• _TASK DETAILS_:
Extract all data as written.

** RAW DATA follows **

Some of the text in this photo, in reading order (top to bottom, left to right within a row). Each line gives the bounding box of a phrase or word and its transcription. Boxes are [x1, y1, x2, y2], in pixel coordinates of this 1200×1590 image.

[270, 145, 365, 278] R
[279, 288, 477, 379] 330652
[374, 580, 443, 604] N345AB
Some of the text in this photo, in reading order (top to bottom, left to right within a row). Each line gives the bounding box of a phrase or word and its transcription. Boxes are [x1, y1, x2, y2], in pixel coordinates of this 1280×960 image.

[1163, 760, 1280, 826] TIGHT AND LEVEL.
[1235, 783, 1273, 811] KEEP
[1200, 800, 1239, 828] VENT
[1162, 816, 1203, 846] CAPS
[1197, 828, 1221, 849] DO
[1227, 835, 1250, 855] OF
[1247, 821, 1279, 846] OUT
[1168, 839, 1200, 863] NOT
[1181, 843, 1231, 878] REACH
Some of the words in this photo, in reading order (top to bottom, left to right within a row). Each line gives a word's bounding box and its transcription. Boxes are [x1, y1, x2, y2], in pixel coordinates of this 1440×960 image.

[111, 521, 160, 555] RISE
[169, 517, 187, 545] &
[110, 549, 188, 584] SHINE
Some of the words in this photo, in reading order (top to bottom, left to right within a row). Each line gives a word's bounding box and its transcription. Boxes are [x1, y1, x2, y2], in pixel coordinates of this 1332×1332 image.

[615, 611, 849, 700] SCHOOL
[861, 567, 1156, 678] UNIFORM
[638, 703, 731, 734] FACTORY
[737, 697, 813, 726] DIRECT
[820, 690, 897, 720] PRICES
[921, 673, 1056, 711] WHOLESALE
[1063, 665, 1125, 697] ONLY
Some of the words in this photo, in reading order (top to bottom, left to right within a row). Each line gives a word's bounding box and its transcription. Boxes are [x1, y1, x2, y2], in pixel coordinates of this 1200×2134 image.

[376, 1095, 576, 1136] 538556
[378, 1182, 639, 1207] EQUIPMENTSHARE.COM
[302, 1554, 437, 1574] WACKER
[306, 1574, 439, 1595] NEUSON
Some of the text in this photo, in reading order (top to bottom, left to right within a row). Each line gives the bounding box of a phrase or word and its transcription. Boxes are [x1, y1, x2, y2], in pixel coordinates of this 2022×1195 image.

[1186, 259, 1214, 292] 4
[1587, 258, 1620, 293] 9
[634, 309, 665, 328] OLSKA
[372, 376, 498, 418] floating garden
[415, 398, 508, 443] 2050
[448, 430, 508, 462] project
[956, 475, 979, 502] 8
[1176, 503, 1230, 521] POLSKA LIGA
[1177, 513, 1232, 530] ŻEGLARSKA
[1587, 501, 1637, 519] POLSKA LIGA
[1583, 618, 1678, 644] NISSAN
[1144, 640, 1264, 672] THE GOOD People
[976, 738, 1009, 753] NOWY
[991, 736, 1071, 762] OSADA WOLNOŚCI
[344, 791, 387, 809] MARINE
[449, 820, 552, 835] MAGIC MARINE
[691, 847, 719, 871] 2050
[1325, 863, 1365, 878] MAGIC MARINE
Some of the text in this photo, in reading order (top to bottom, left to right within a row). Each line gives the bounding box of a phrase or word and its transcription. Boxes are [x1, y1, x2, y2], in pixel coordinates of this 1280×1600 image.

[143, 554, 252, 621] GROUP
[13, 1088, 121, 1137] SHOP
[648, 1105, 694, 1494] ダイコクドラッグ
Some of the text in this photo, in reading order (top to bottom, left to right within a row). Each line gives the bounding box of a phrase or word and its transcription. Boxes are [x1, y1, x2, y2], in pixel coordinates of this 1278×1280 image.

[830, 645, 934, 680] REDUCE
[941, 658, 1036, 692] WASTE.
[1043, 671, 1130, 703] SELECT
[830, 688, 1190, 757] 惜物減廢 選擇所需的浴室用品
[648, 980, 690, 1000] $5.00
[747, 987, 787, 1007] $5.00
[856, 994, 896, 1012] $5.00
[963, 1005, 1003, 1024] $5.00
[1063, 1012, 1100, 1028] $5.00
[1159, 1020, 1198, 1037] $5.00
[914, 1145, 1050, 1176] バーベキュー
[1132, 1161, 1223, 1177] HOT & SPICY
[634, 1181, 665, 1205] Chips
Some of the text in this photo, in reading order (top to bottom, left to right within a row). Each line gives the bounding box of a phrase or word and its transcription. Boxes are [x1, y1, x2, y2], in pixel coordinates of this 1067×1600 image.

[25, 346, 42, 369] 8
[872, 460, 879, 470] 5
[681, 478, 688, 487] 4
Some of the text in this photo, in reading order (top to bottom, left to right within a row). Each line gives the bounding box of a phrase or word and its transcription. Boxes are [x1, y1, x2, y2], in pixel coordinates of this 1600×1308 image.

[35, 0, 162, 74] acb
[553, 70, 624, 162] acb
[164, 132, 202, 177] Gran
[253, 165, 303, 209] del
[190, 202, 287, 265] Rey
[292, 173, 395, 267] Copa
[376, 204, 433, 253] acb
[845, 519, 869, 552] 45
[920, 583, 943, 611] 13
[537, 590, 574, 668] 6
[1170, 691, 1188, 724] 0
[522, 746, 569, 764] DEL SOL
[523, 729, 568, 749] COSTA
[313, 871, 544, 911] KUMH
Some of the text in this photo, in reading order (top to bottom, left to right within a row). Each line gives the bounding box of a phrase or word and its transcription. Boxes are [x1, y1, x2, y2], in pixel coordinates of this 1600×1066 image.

** End of RAW DATA **

• _ANSWER TO THE PROBLEM_:
Some of the text in this photo, in reading order (top to bottom, left to right within a row). Each line gives the bounding box of a phrase or word and its transcription. Boxes are [x1, y1, x2, y2], in pixel coordinates of this 1200×1590 image.

[270, 145, 365, 278] R
[279, 288, 477, 379] 330652
[374, 580, 443, 604] N345AB
Some of the text in this photo, in reading order (top to bottom, left to right within a row). Each line gives the bounding box of a phrase or word and its transcription. Boxes are [x1, y1, x2, y2], in pixel coordinates of this 1280×960 image.

[1163, 760, 1280, 826] TIGHT AND LEVEL.
[1235, 783, 1273, 811] KEEP
[1200, 800, 1239, 828] VENT
[1162, 816, 1203, 846] CAPS
[1197, 828, 1221, 849] DO
[1227, 835, 1250, 855] OF
[1247, 821, 1279, 846] OUT
[1168, 839, 1200, 863] NOT
[1181, 843, 1231, 878] REACH
Some of the words in this photo, in reading order (top to bottom, left to right within a row). Each line gives a word's bounding box and its transcription. Boxes are [x1, y1, x2, y2], in pixel coordinates of this 1440×960 image.

[111, 521, 160, 555] RISE
[169, 517, 187, 545] &
[110, 549, 188, 584] SHINE
Some of the words in this photo, in reading order (top to bottom, left to right within a row). Each line gives a word's bounding box and its transcription. Boxes are [x1, y1, x2, y2], in pixel coordinates of this 1332×1332 image.

[615, 611, 849, 700] SCHOOL
[861, 567, 1156, 678] UNIFORM
[638, 703, 731, 734] FACTORY
[737, 697, 813, 726] DIRECT
[820, 690, 897, 720] PRICES
[921, 673, 1056, 711] WHOLESALE
[1063, 665, 1125, 697] ONLY
Some of the words in this photo, in reading order (top to bottom, left to right within a row). Each line gives a word's bounding box and its transcription. Boxes are [x1, y1, x2, y2], in pixel coordinates of this 1200×2134 image.

[376, 1095, 576, 1136] 538556
[378, 1182, 639, 1207] EQUIPMENTSHARE.COM
[302, 1554, 437, 1574] WACKER
[306, 1574, 439, 1595] NEUSON
Some of the text in this photo, in reading order (top to bottom, left to right within a row). Each line gives the bounding box of a phrase or word and its transcription. Boxes are [x1, y1, x2, y2], in pixel coordinates of this 2022×1195 image.

[1186, 259, 1214, 292] 4
[1587, 258, 1620, 293] 9
[634, 309, 665, 328] OLSKA
[372, 376, 498, 418] floating garden
[415, 398, 508, 443] 2050
[448, 430, 508, 462] project
[956, 475, 979, 502] 8
[1176, 503, 1230, 521] POLSKA LIGA
[1177, 513, 1232, 530] ŻEGLARSKA
[1587, 501, 1637, 519] POLSKA LIGA
[1583, 618, 1678, 644] NISSAN
[1144, 640, 1264, 672] THE GOOD People
[976, 738, 1009, 753] NOWY
[991, 736, 1071, 762] OSADA WOLNOŚCI
[344, 791, 387, 809] MARINE
[449, 820, 552, 835] MAGIC MARINE
[691, 847, 719, 871] 2050
[1325, 863, 1365, 878] MAGIC MARINE
Some of the text in this photo, in reading order (top to bottom, left to right within a row). Each line gives the bounding box of a phrase or word and its transcription. Boxes are [x1, y1, x2, y2], in pixel coordinates of this 1280×1600 image.

[143, 554, 252, 621] GROUP
[13, 1088, 121, 1137] SHOP
[648, 1105, 694, 1494] ダイコクドラッグ
Some of the text in this photo, in reading order (top to bottom, left to right within a row). Each line gives the bounding box of a phrase or word and its transcription. Boxes are [x1, y1, x2, y2], in pixel coordinates of this 1278×1280 image.

[830, 645, 934, 680] REDUCE
[941, 658, 1036, 692] WASTE.
[1043, 671, 1130, 703] SELECT
[830, 688, 1190, 757] 惜物減廢 選擇所需的浴室用品
[648, 980, 690, 1000] $5.00
[747, 987, 787, 1007] $5.00
[856, 994, 896, 1012] $5.00
[963, 1005, 1003, 1024] $5.00
[1063, 1012, 1100, 1028] $5.00
[1159, 1020, 1198, 1037] $5.00
[914, 1145, 1050, 1176] バーベキュー
[1132, 1161, 1223, 1177] HOT & SPICY
[634, 1181, 665, 1205] Chips
Some of the text in this photo, in reading order (top to bottom, left to right within a row). Each line gives the bounding box of a phrase or word and its transcription. Boxes are [x1, y1, x2, y2], in pixel coordinates of this 1067×1600 image.

[25, 346, 42, 369] 8
[872, 460, 879, 470] 5
[681, 478, 688, 487] 4
Some of the text in this photo, in reading order (top to bottom, left to right within a row). Each line gives the bounding box of a phrase or word and its transcription. Boxes are [x1, y1, x2, y2], in pixel coordinates of this 1600×1308 image.

[35, 0, 162, 74] acb
[553, 70, 624, 162] acb
[164, 132, 202, 177] Gran
[253, 165, 303, 209] del
[190, 202, 287, 265] Rey
[292, 173, 395, 267] Copa
[376, 204, 433, 253] acb
[845, 519, 869, 552] 45
[920, 583, 943, 611] 13
[537, 590, 574, 668] 6
[1170, 691, 1188, 724] 0
[522, 746, 569, 764] DEL SOL
[523, 729, 568, 749] COSTA
[313, 871, 544, 911] KUMH
Some of the text in this photo, in reading order (top to bottom, left to right within a row). Each line gives the bounding box of a phrase or word and its transcription. Boxes are [x1, y1, x2, y2], in pixel coordinates of this 1600×1066 image.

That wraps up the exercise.